## To do
Skip the images; return every entry exactly.

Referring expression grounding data
*** Block opens ***

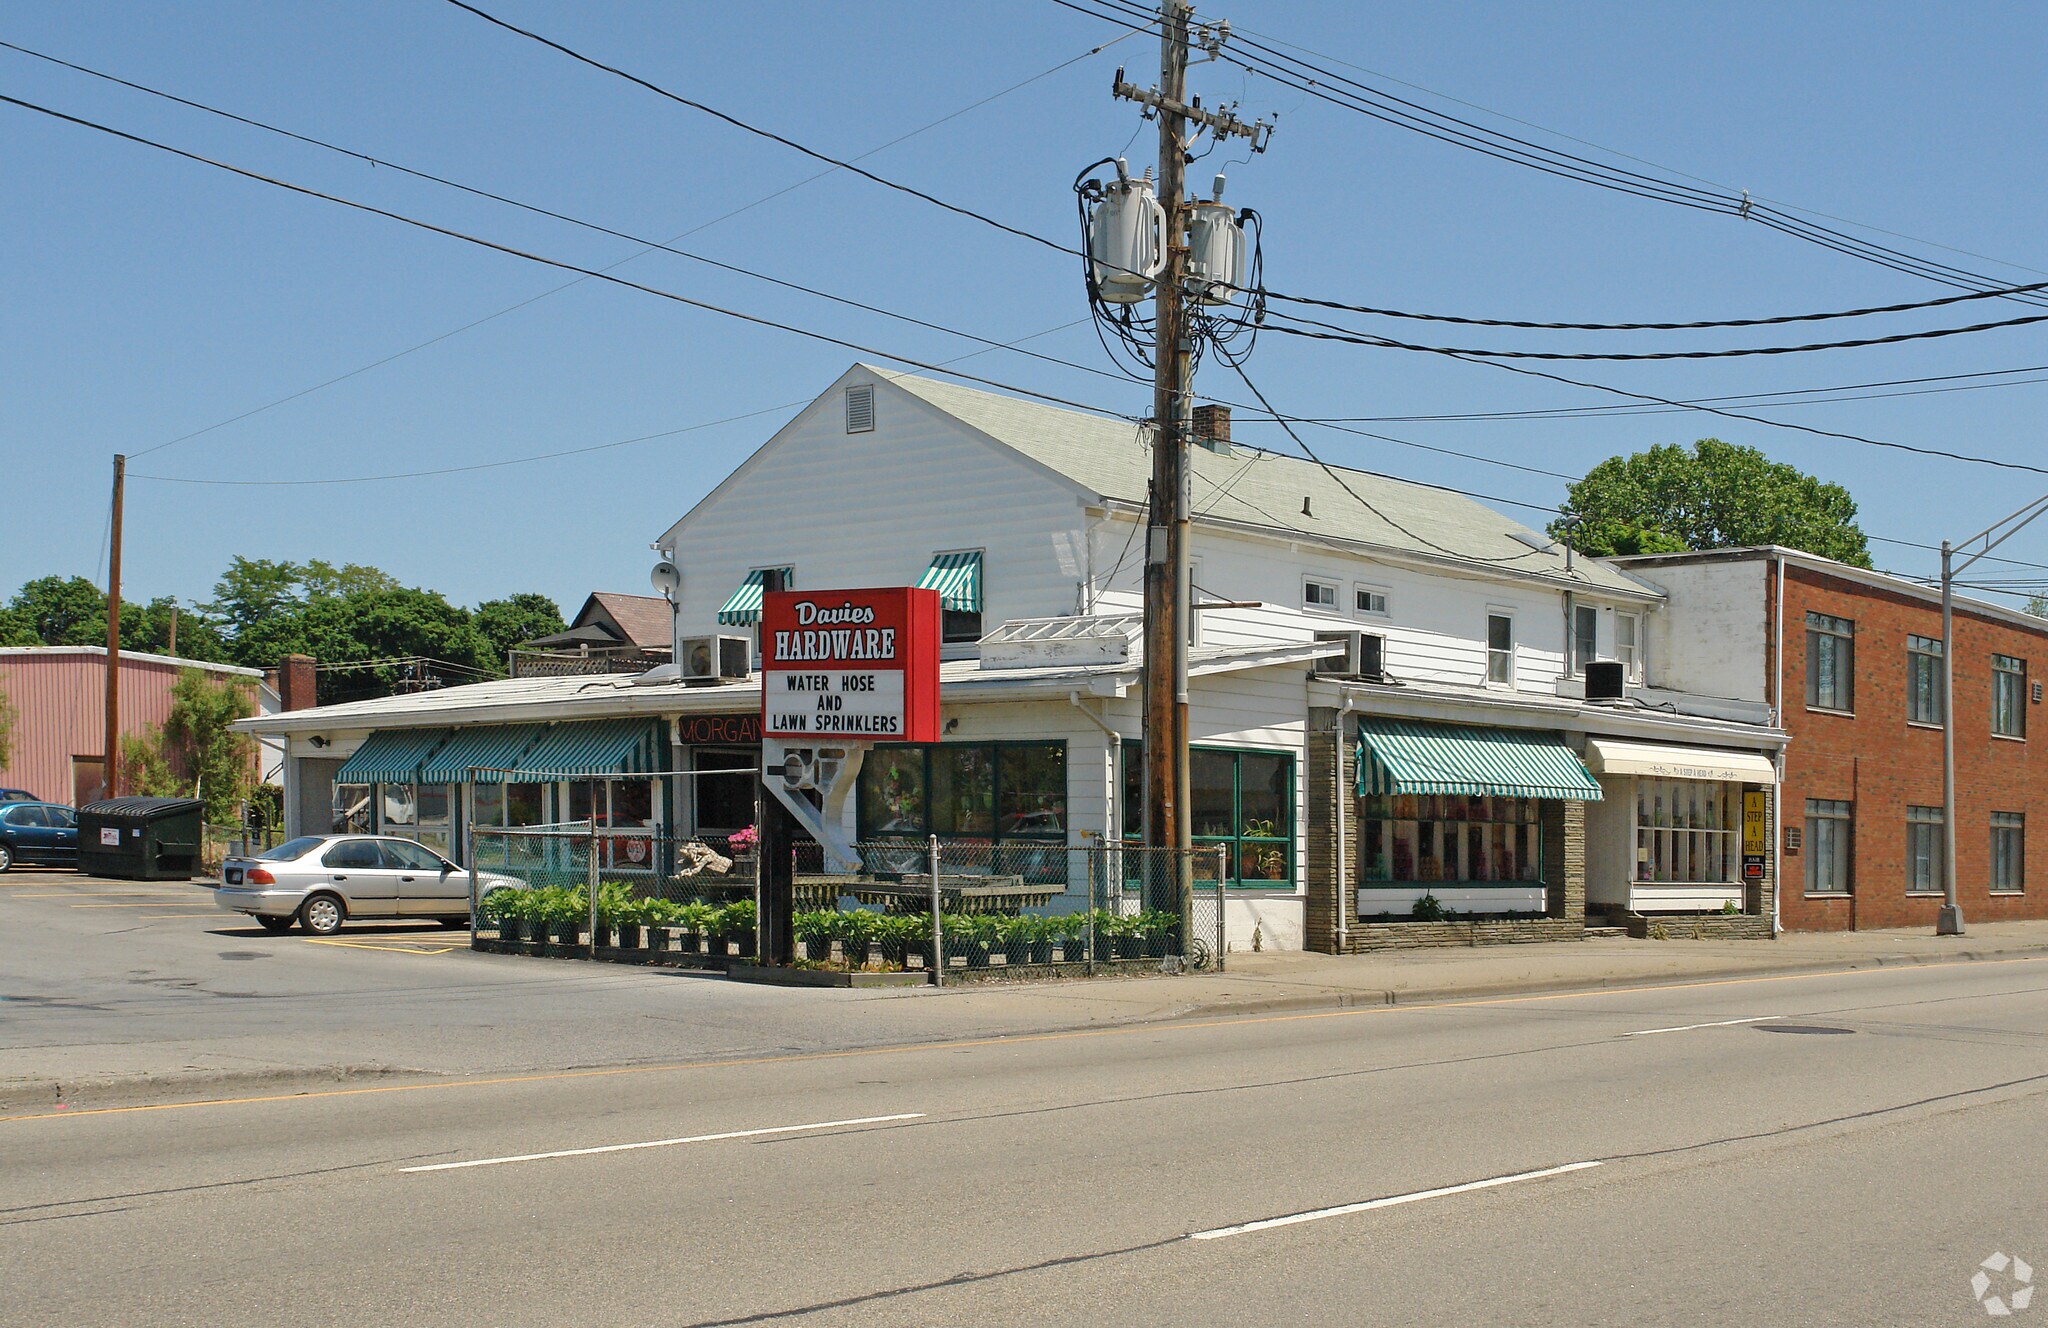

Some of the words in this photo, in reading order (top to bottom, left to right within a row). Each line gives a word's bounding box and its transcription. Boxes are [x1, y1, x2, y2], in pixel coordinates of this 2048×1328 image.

[794, 602, 875, 625] Davies
[774, 628, 895, 661] HARDWARE
[787, 675, 829, 691] WATER
[842, 675, 875, 692] HOSE
[817, 695, 842, 711] AND
[773, 714, 806, 730] LAWN
[815, 714, 897, 733] SPRINKLERS
[1751, 796, 1757, 808] A
[1746, 811, 1762, 823] STEP
[1751, 826, 1757, 837] A
[1745, 841, 1764, 852] HEAD

*** Block closes ***

## Response to this exercise
Some of the words in this photo, in reading order (top to bottom, left to right within a row). Each line gives a word's bounding box and its transcription. Boxes are [x1, y1, x2, y2], in pixel coordinates of this 2048×1328 image.

[794, 602, 875, 625] Davies
[774, 628, 895, 661] HARDWARE
[787, 675, 829, 691] WATER
[842, 675, 875, 692] HOSE
[817, 695, 842, 711] AND
[773, 714, 806, 730] LAWN
[815, 714, 897, 733] SPRINKLERS
[1751, 796, 1757, 808] A
[1746, 811, 1762, 823] STEP
[1751, 826, 1757, 837] A
[1745, 841, 1764, 852] HEAD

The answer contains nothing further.